The crowd at Saint Vitus on Friday night at first seemed recessive, ice-weary, a little off.
It wasn’t moving. Normally a hardcore show deals with passivity pretty quickly: volume plus speed plus aggression equals breakthrough. As for this one — a quadruple bill ending with the fairly new bands Sick Feeling, from Brooklyn, and Obliterations, from Los Angeles — the breakthrough came late, if it ever came at all.
Hardcore punk has been around long enough to have become what music-business promoters and publicists call heritage music. It’s been codified and historicized: for instance, in a great new oral-history book by Tony Rettman, “NYHC,” about the beginnings of New York hardcore in the 1980s. The book recounts stories and reprints gig fliers from events that seemed at the time to be unattended by anyone with any influence over the historical record.
But hardcore’s heritage status also means that a new band doesn’t have to give it full credence as a channel of hope and protest and rebellion. It can be messed with, treated like a given, made conceptual, turned upside-down for effect. Some of both was happening on Friday: incursions into hardcore and historical re-enactments of it. No wonder members of the crowd thought twice before they moved.
Sick Feeling seems like two bands at once. One is shouting and riff-based and straightforward; one is discursive, ghostly, out to lunch. It has just released its first record, “Suburban Myth” (Terrible). When you look at some of its songs on a Soundcloud page, rendered in wave forms, you see clear-cuttings amid the orange forest of volume: stretches of weird, hard-right-turn, lower-volume activity amid the conventional hardcore.
In a live set, those are the parts when the drummer Alan Yuch suddenly leaves his cymbals alone or stops playing altogether, the guitarist Don DeVore moves over to electronic loops and synthesizer tones, and the singer Jesse Miller-Gordon starts muttering or raving, pacing and shaking, swallowing his words. (He has a good enraged yell, but his singing has little body; he can seem like a placeholder for someone else.) On Friday, the songs were short, and the pauses were awkward. Repeatedly the action surged, then dropped.
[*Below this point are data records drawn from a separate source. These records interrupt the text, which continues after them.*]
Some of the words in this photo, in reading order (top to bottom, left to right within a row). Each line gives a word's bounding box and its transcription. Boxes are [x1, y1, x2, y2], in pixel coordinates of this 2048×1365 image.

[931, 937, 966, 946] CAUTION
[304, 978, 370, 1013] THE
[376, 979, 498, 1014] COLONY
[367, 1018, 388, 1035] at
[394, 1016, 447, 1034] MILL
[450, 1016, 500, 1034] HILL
This is a band that uses dramatic contrast the way most hardcore bands use roars and chants. This is a band that wants you to think about imminent failure.
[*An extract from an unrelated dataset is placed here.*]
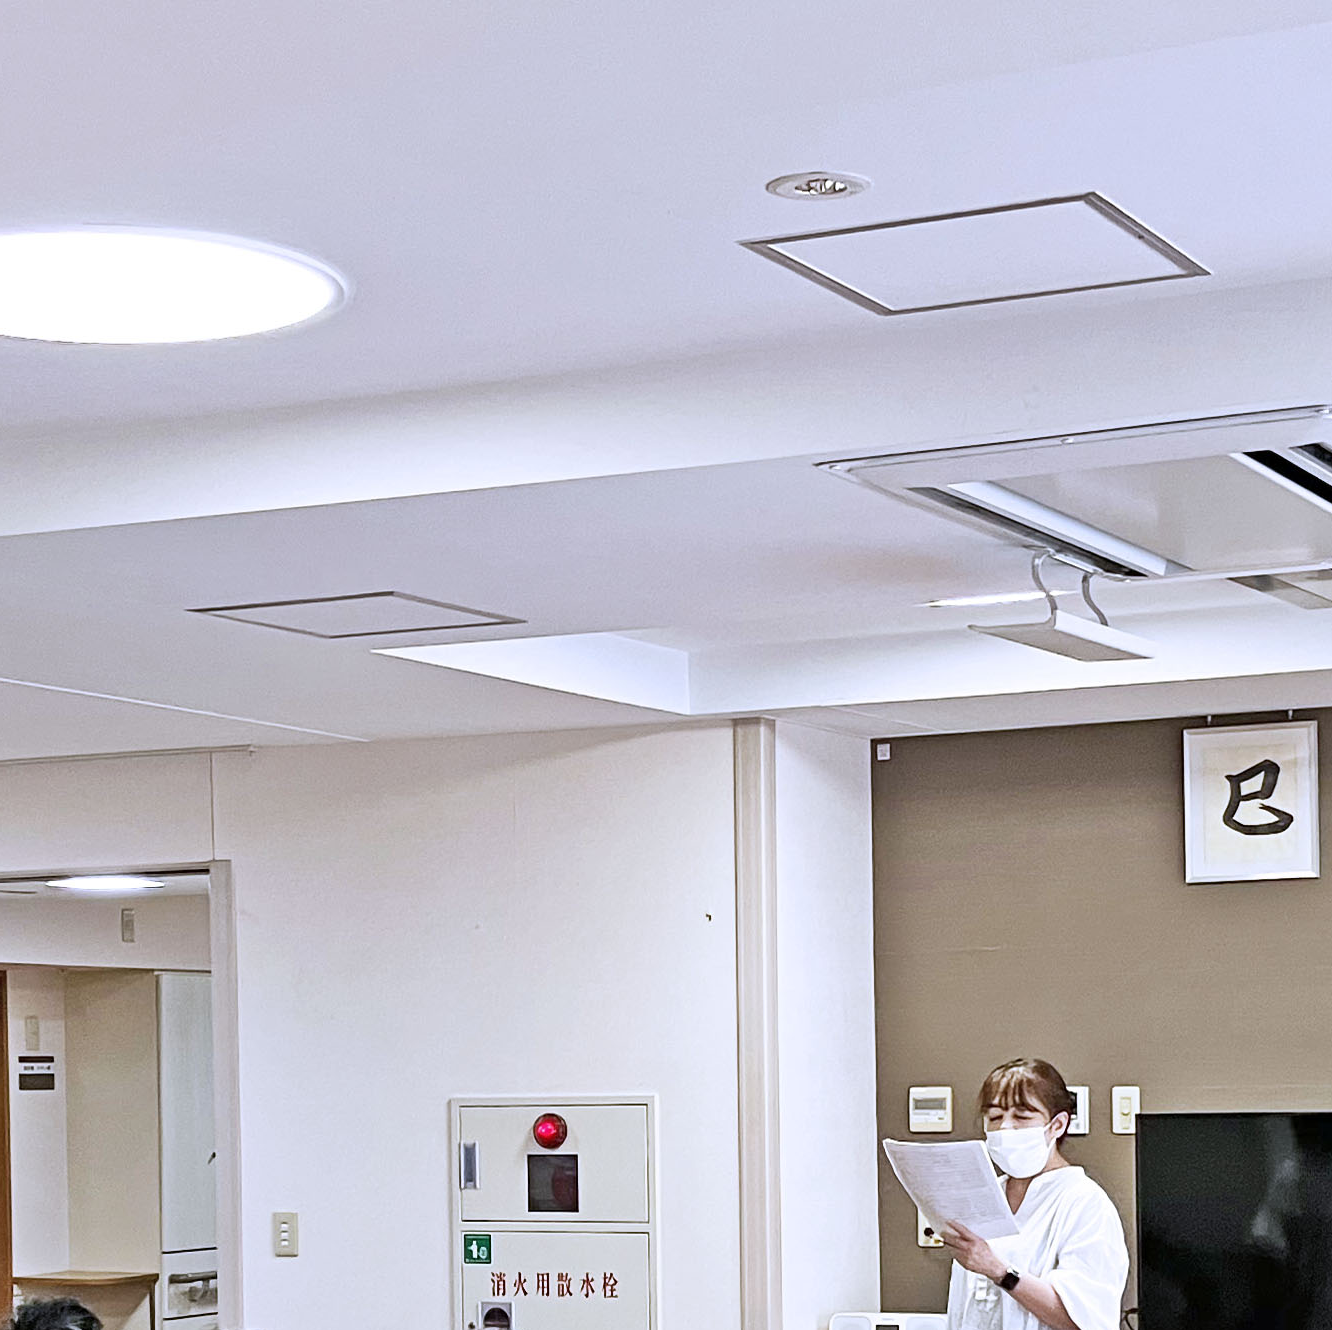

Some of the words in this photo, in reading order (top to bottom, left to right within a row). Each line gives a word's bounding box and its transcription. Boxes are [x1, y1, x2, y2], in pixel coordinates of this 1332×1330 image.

[490, 1271, 619, 1299] 消火用散水栓
Obliterations make you only think about success, in terms of how powerfully they use conventions of hardcore. Speed? “Mind Ain’t Right.” Swing? “Can’t Afford to Die.” Droning repetition? “Shame.” Simple, centralized minor-key riffs? “The Narcissist.” The singer Sam James Velde knows what he’s putting you in mind of: he blows out guttural phrases and rounds his screamed vowels like a cross between Black Flag’s third and fourth singers, Dez Cadena and Henry Rollins. You can listen to Obliterations’ deeply satisfying new album, “Poison Everything” (Southern Lord), and feel that these are people who were born to do this alone.
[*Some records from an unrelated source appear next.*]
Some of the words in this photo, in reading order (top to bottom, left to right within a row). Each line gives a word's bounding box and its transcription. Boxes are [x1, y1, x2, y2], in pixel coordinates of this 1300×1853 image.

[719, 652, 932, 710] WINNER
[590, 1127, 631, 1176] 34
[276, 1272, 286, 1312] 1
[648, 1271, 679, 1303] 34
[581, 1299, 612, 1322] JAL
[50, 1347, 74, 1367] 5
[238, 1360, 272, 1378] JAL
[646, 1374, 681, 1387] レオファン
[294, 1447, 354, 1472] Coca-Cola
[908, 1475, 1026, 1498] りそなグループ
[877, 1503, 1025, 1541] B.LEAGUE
In truth it’s a band of people who have been in other rock bands that sound like other rock bands, none of them hardcore per se: Black Mountain, Bluebird, Night Horse, Pink Mountaintops, Saviours. It’s a skillful party of record collectors and classicists. It’s hardcore played by fancy at least as much as by need. On Friday you had to remember what you were there for — the insured power, the calibrated impact. At first it was a struggle: the sound system was reducing that power by half.
Mr. Velde’s voice strained to be heard. The drums sounded small, and the swing wasn’t quite happening. It took 15 minutes before the breakthrough came, on “Black Out” — “My conclusion, the only solution, is to black you out!” — and the audience woke up, formed a mosh-pit, and engaged in the historical process of charging and shoving.